I don’t believe fedora project discourages use of proprietary stuff.
What they do is refuse to include and distribute any non-open-source software in the project. What the user does after the OS is installed is then up to the user. The user is free to use anything they choose to add onto the distro, but the project thus cannot be held liable for any possible copyright or patent violations encountered.
Your use of the rpmfusion repo and installation of the proprietary drivers is one of the consequences of the policy that the Fedora Project uses. Things that are necessary because of proprietary hardware (or otherwise), but encumbered with proprietary software, have to be available from somewhere so we can use almost any video card, network card, camera, printer, etc. that we choose. Rpmfusion helps satisfy that need as do many of the hardware manufacturers.
HP, Xerox, Canon, etc. mostly have some proprietary software needed to fully use their printers. Yet with a little bit of extra work all but the very newest of devices are mostly available for use with linux.
Would you want to be limited in what you use simply because the hardware or software is proprietary?
Would you want to have the Fedora Project shut down because of a copyright or patent violation?
The project does not discourage use of proprietary stuff. They just cannot distribute it as part of the OS and thus allow you as the end user to tailor things as you need and see fit.
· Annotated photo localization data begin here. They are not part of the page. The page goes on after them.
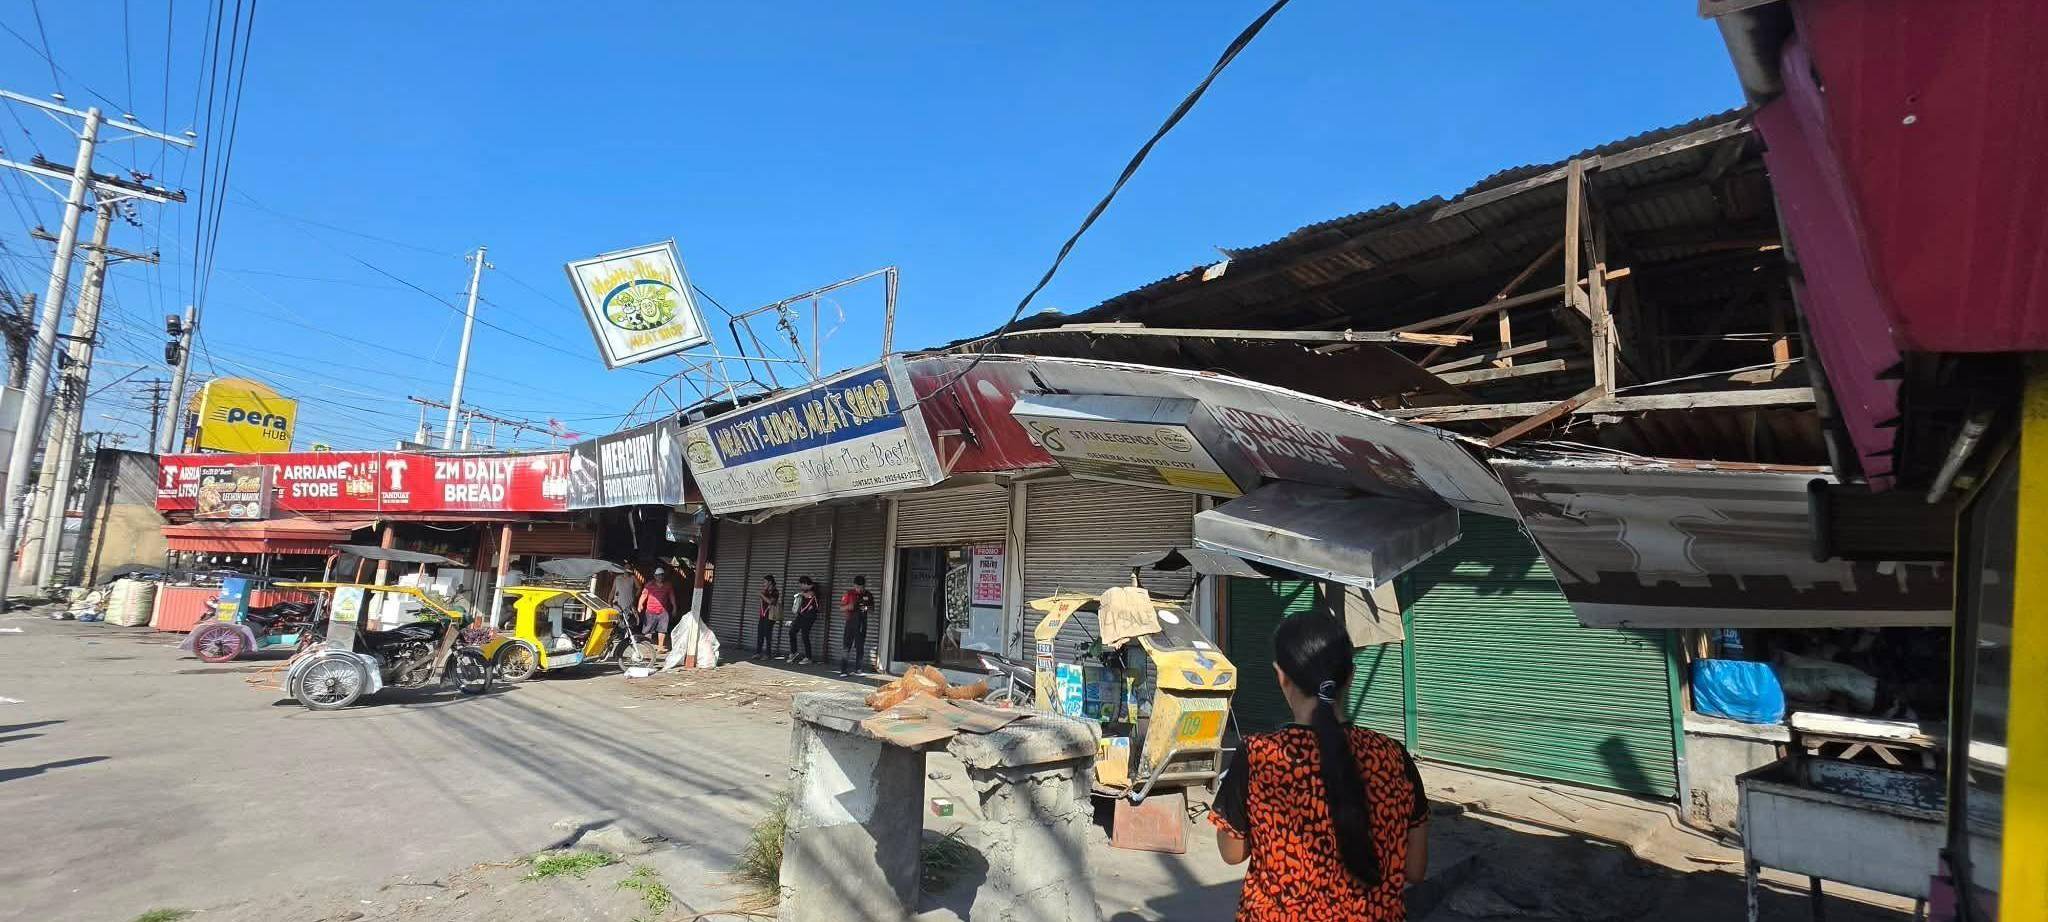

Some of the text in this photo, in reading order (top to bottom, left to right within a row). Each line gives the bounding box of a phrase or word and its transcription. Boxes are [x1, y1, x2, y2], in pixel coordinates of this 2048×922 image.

[801, 393, 849, 440] MEAT
[844, 379, 890, 426] SHOP
[227, 407, 287, 431] pera
[262, 428, 287, 441] HUB
[1069, 430, 1159, 446] STARLEGENDS
[601, 433, 654, 476] MERCURY
[1252, 433, 1348, 470] HOUSE
[284, 464, 347, 480] ARRIANE
[434, 459, 515, 480] ZM DAILY
[1171, 460, 1196, 469] CITY
[179, 467, 200, 480] ARRIA
[179, 483, 199, 497] LITSO
[292, 482, 339, 497] STORE
[444, 484, 505, 502] BREAD
[603, 478, 623, 498] FOOD
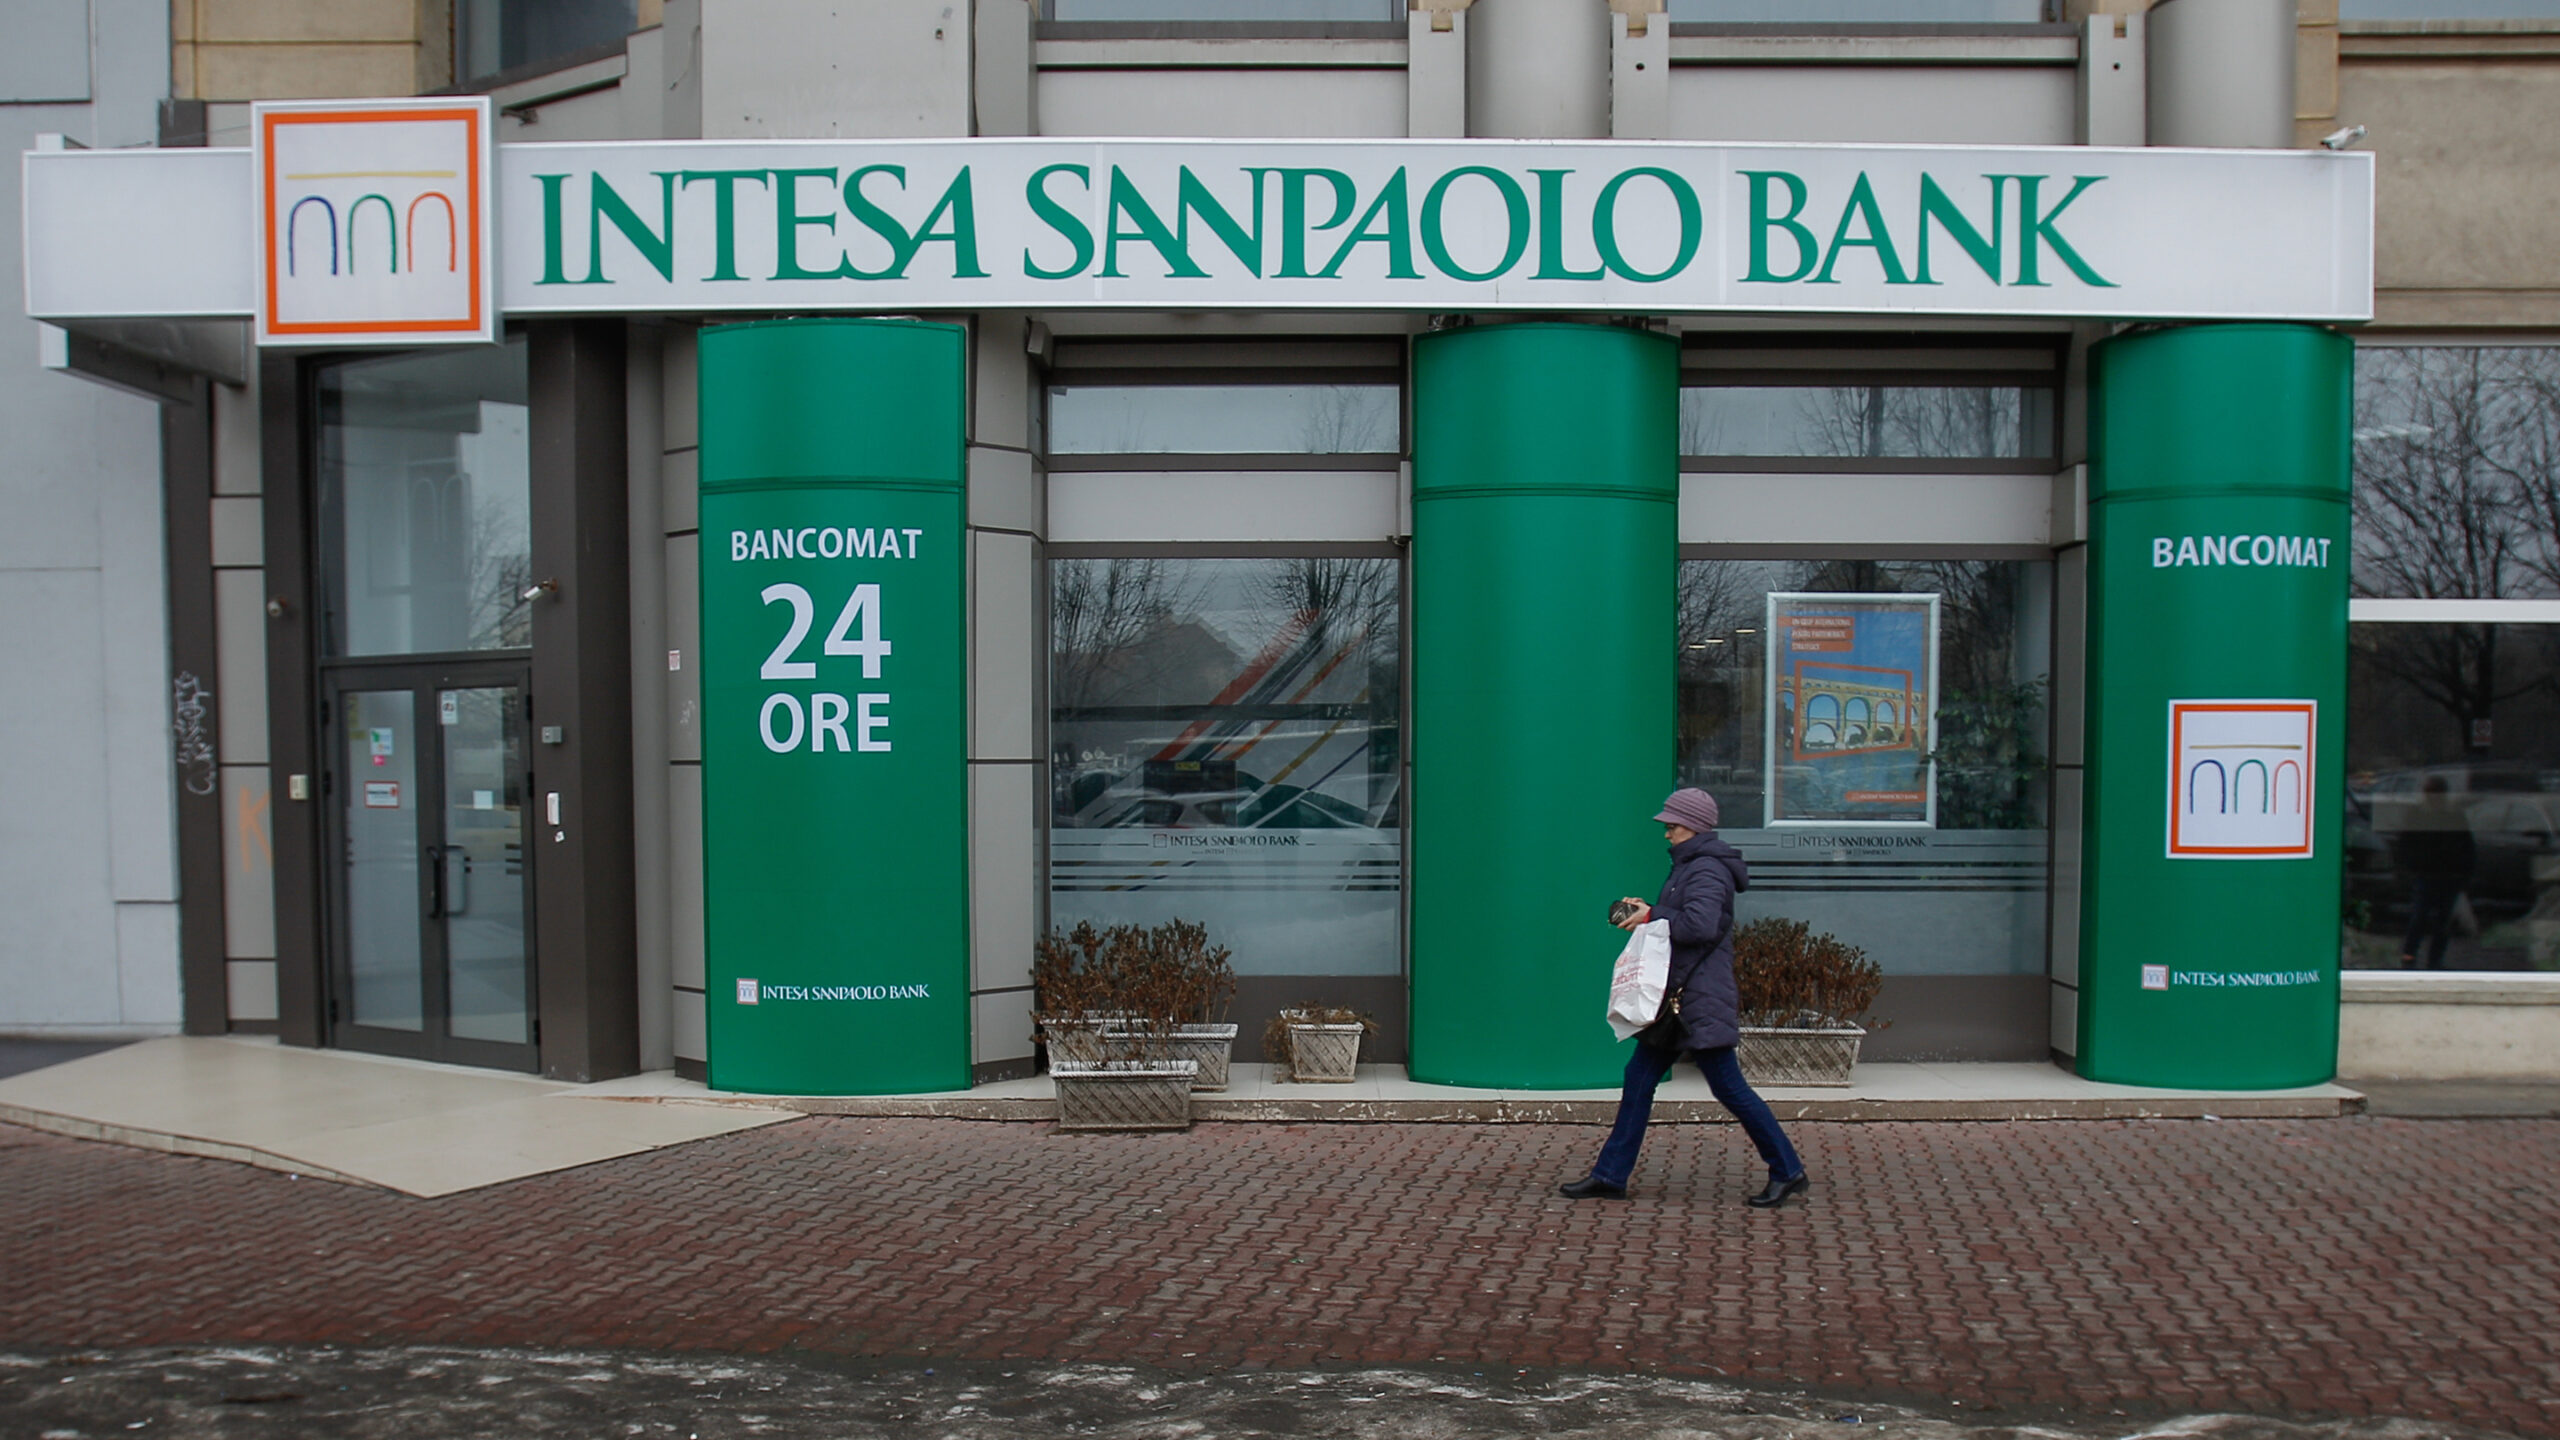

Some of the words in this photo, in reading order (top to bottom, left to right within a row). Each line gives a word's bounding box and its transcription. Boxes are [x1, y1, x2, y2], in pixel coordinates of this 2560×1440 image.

[532, 163, 991, 286] INTESA
[1024, 162, 1703, 283] SANPAOLO
[1738, 169, 2121, 288] BANK
[731, 527, 923, 561] BANCOMAT
[2153, 535, 2331, 568] BANCOMAT
[760, 583, 892, 680] 24
[759, 692, 892, 753] ORE
[1170, 835, 1208, 847] INTESA
[1211, 834, 1267, 847] SANPAOLO
[1269, 834, 1300, 847] BANK
[1799, 835, 1836, 848] INTESA
[1838, 835, 1894, 848] SANPAOLO
[1896, 835, 1927, 848] BANK
[763, 985, 809, 1001] INTESA
[812, 985, 887, 1001] SANPAOLO
[889, 984, 931, 999] BANK
[2174, 971, 2226, 986] INTESA
[2229, 972, 2295, 987] SANPAOLO
[2296, 970, 2321, 984] BANK
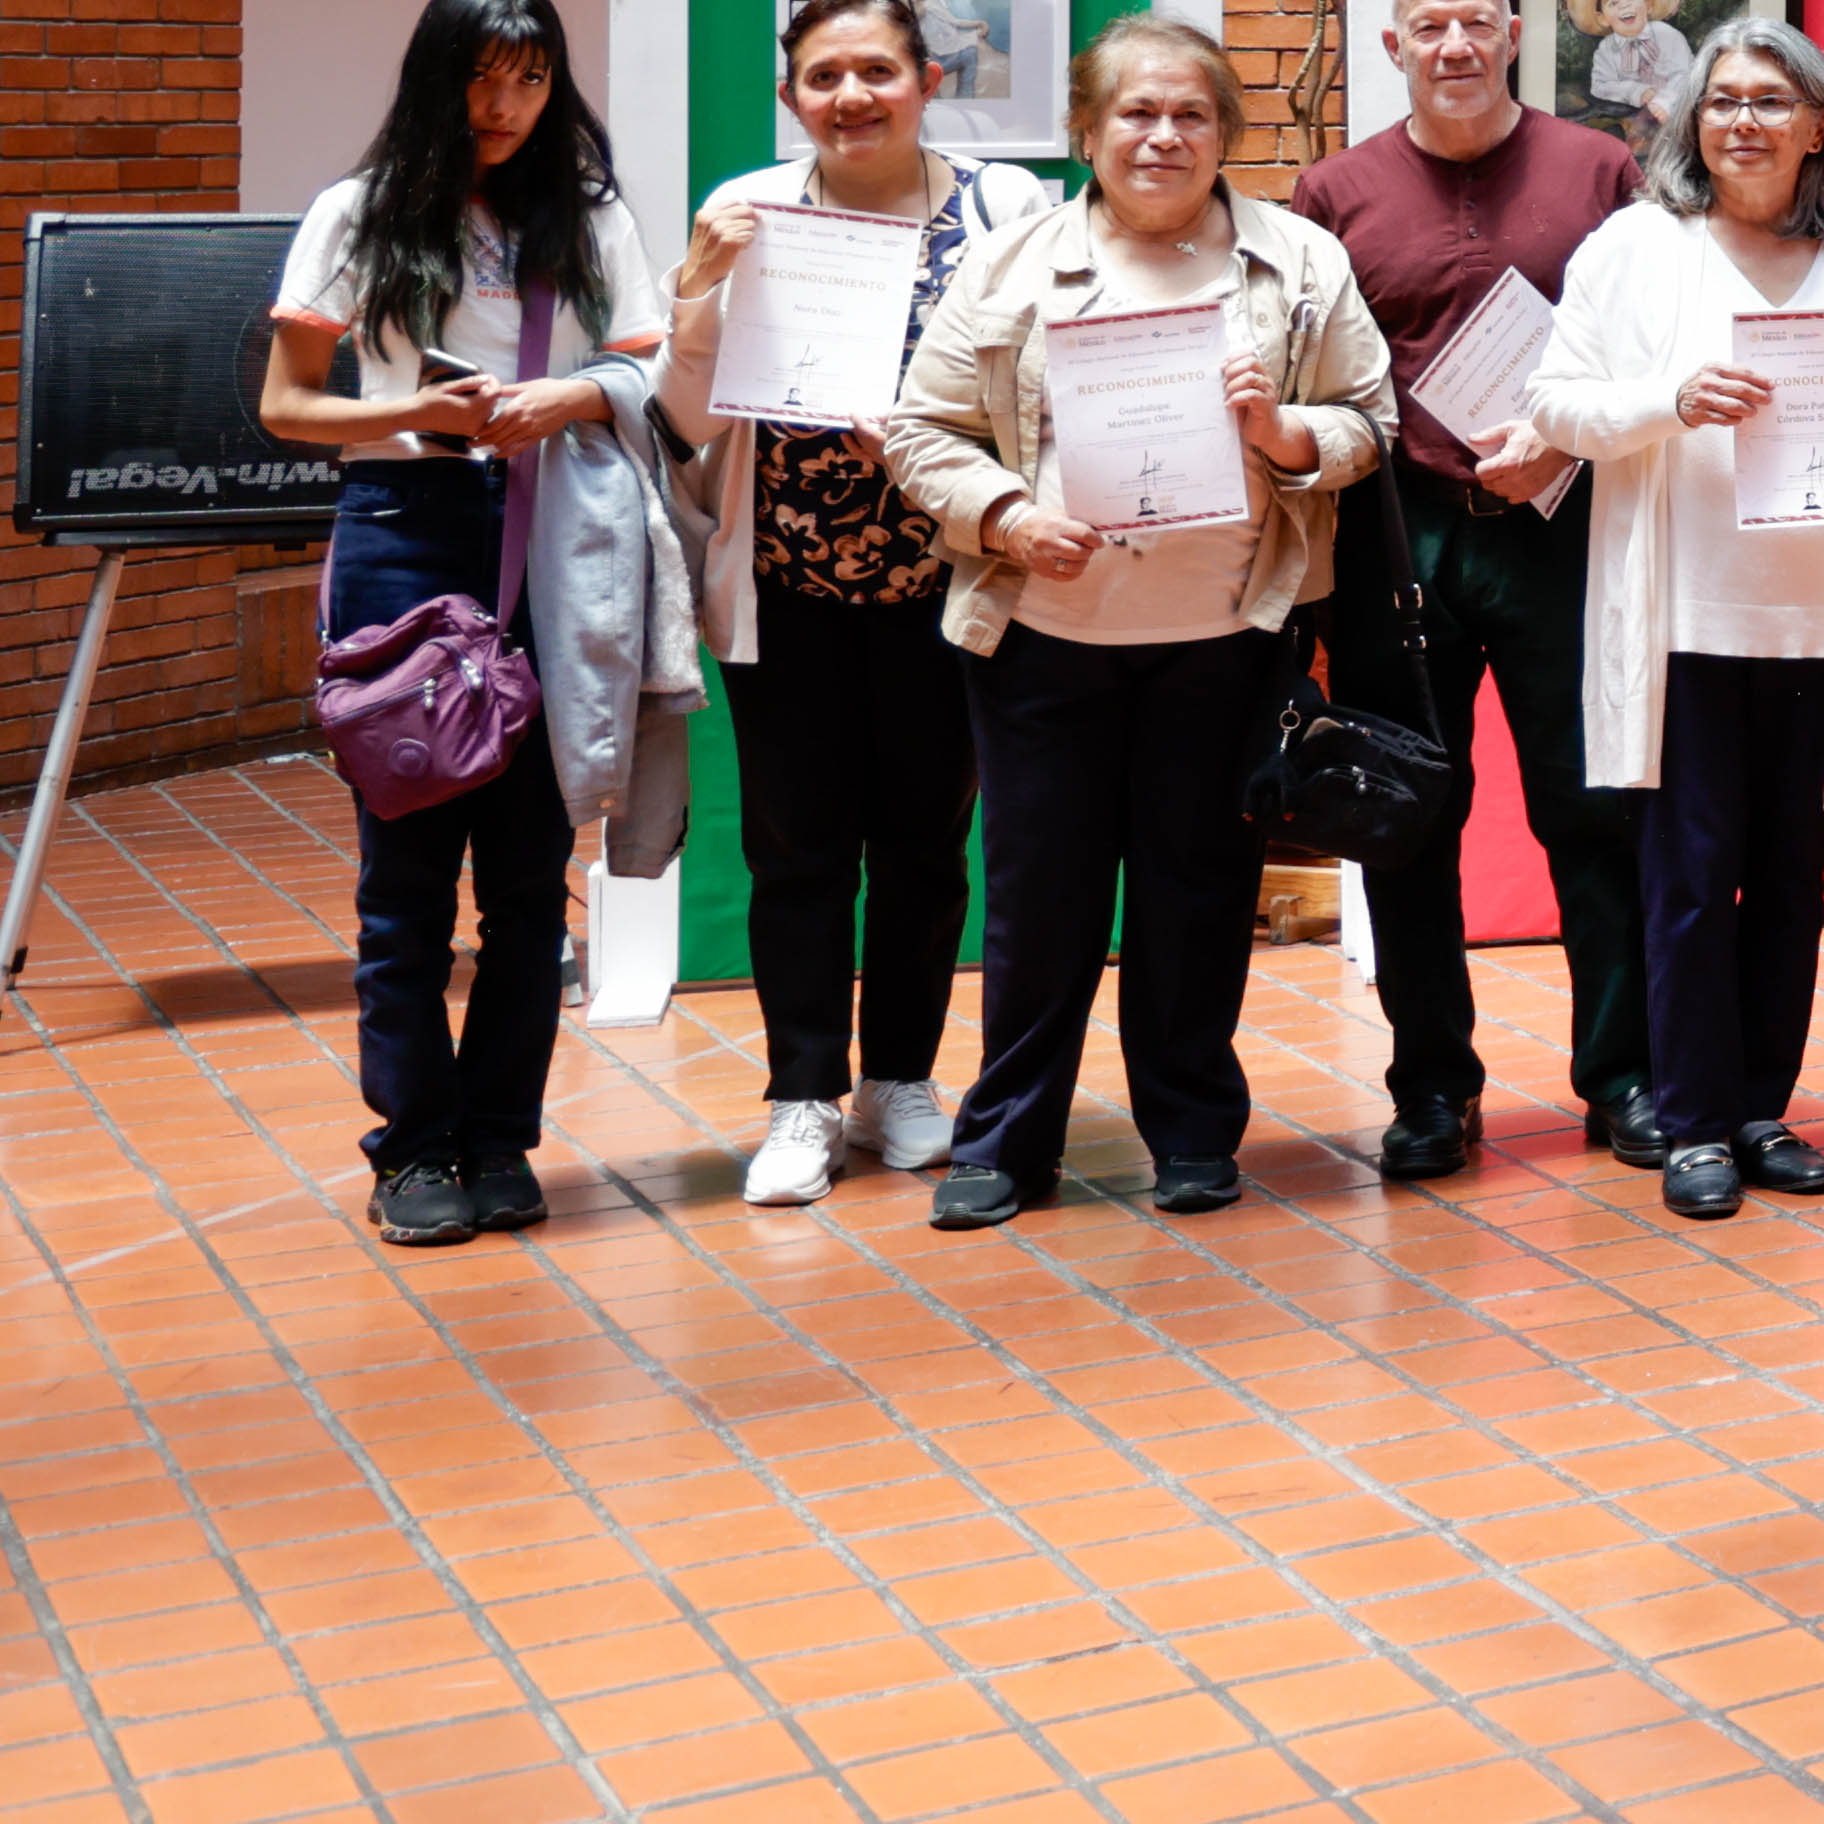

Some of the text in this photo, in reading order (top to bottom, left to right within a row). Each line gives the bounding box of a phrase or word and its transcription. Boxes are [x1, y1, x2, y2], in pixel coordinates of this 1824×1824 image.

In the case of nvidia video cards, the hardware is proprietary, the drivers to support them are also proprietary, yet nvidia does directly allow download of the driver software to support their cards on linux. What rpmfusion does is some minor tweaks to ensure everything works for each kernel and then packages the software so the end user is able to download the rpm and install the binary files so it just works. You as the end user thus do not have to twiddle with the sometimes incompatible drivers and maybe even recompile part of what was downloaded from nvidia before your card works.